EXERCISE DETAILS:
All of the data below must be reproduced word for word, but without its images.

ENTRIES PROVIDED:
-=-=-
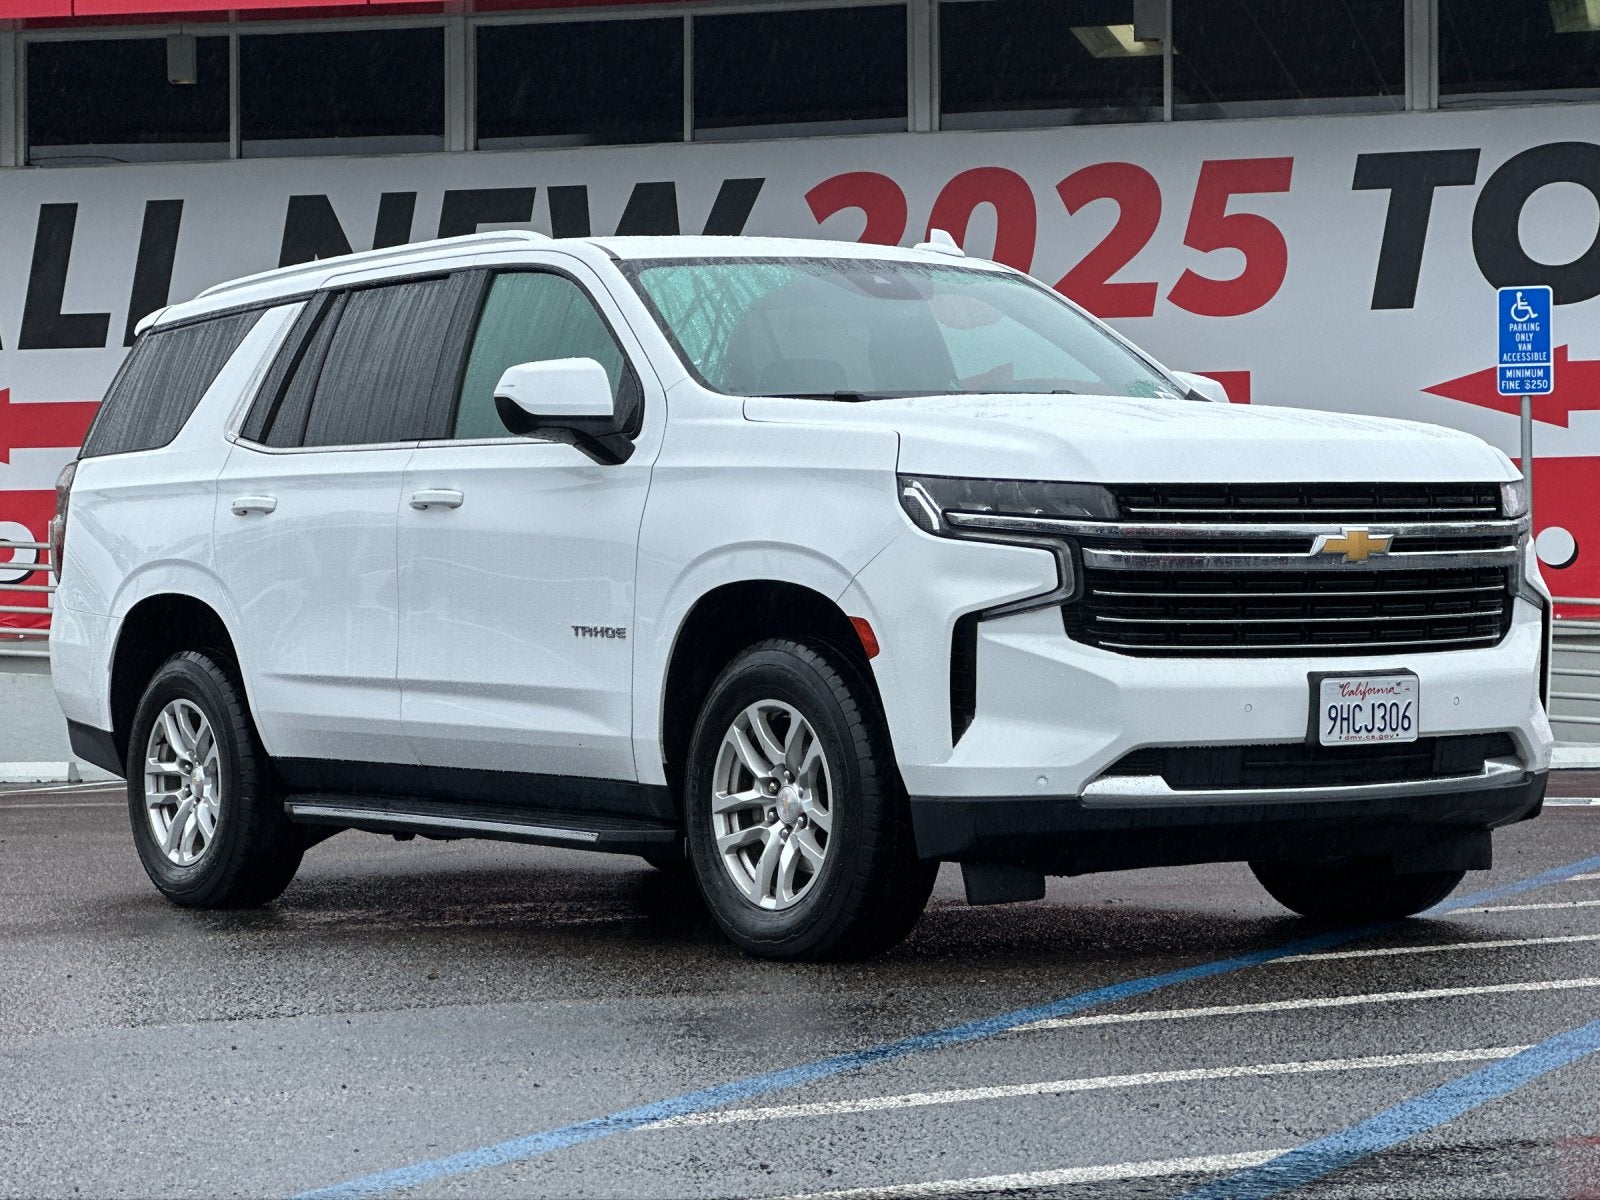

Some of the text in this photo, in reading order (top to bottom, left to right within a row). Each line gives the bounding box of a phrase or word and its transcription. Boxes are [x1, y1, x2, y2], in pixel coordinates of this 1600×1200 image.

[0, 199, 184, 350] LL
[1509, 322, 1540, 332] PARKING
[1515, 332, 1534, 342] ONLY
[1517, 342, 1532, 351] VAN
[1502, 352, 1547, 362] ACCESSIBLE
[1506, 368, 1544, 378] MINIMUM
[1501, 380, 1548, 390] FINE $250
[570, 625, 627, 639] TAHOE
[1341, 681, 1401, 701] California
[1327, 700, 1412, 735] 9HCJ306
[1344, 733, 1395, 741] dmv.ca.gov
-=-=-
RESPONSE TO THE EXERCISE:
Some of the text in this photo, in reading order (top to bottom, left to right within a row). Each line gives the bounding box of a phrase or word and its transcription. Boxes are [x1, y1, x2, y2], in pixel coordinates of this 1600×1200 image.

[0, 199, 184, 350] LL
[1509, 322, 1540, 332] PARKING
[1515, 332, 1534, 342] ONLY
[1517, 342, 1532, 351] VAN
[1502, 352, 1547, 362] ACCESSIBLE
[1506, 368, 1544, 378] MINIMUM
[1501, 380, 1548, 390] FINE $250
[570, 625, 627, 639] TAHOE
[1341, 681, 1401, 701] California
[1327, 700, 1412, 735] 9HCJ306
[1344, 733, 1395, 741] dmv.ca.gov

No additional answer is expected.